+++ Excerpted data

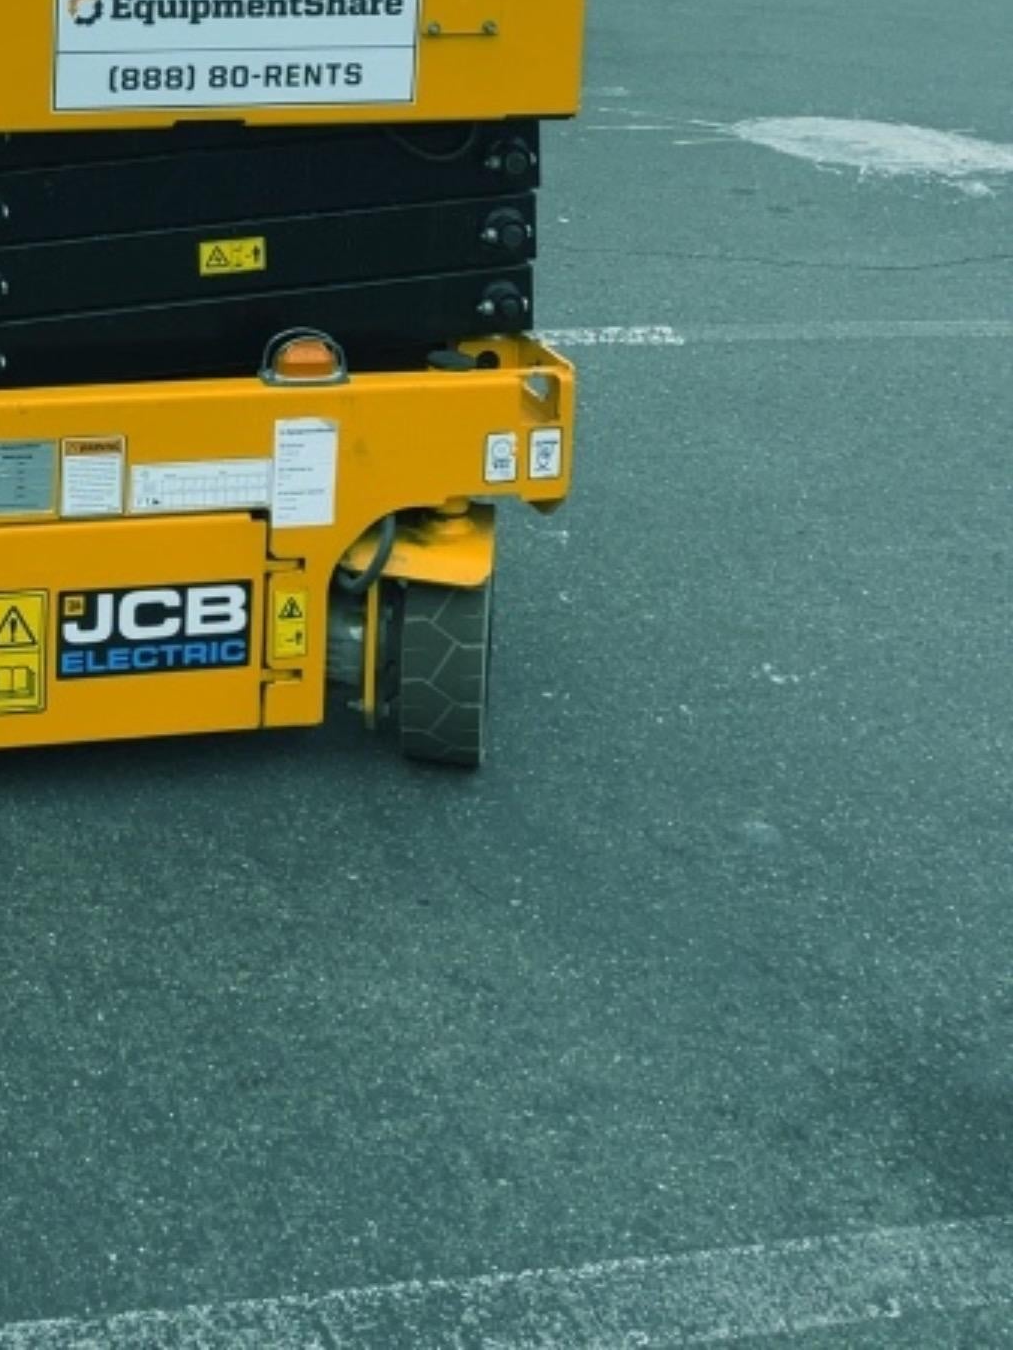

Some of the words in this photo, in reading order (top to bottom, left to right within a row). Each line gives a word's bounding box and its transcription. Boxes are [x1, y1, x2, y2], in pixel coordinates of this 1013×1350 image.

[108, 64, 196, 93] (888)
[208, 62, 363, 89] 80-RENTS
[62, 585, 247, 644] JCB
[60, 639, 246, 674] ELECTRIC

++++++

What you have to do>
Please ensure that the data above is repeated exactly, with no pictures in the copy.

Exercise output>
Some of the words in this photo, in reading order (top to bottom, left to right within a row). Each line gives a word's bounding box and its transcription. Boxes are [x1, y1, x2, y2], in pixel coordinates of this 1013×1350 image.

[108, 64, 196, 93] (888)
[208, 62, 363, 89] 80-RENTS
[62, 585, 247, 644] JCB
[60, 639, 246, 674] ELECTRIC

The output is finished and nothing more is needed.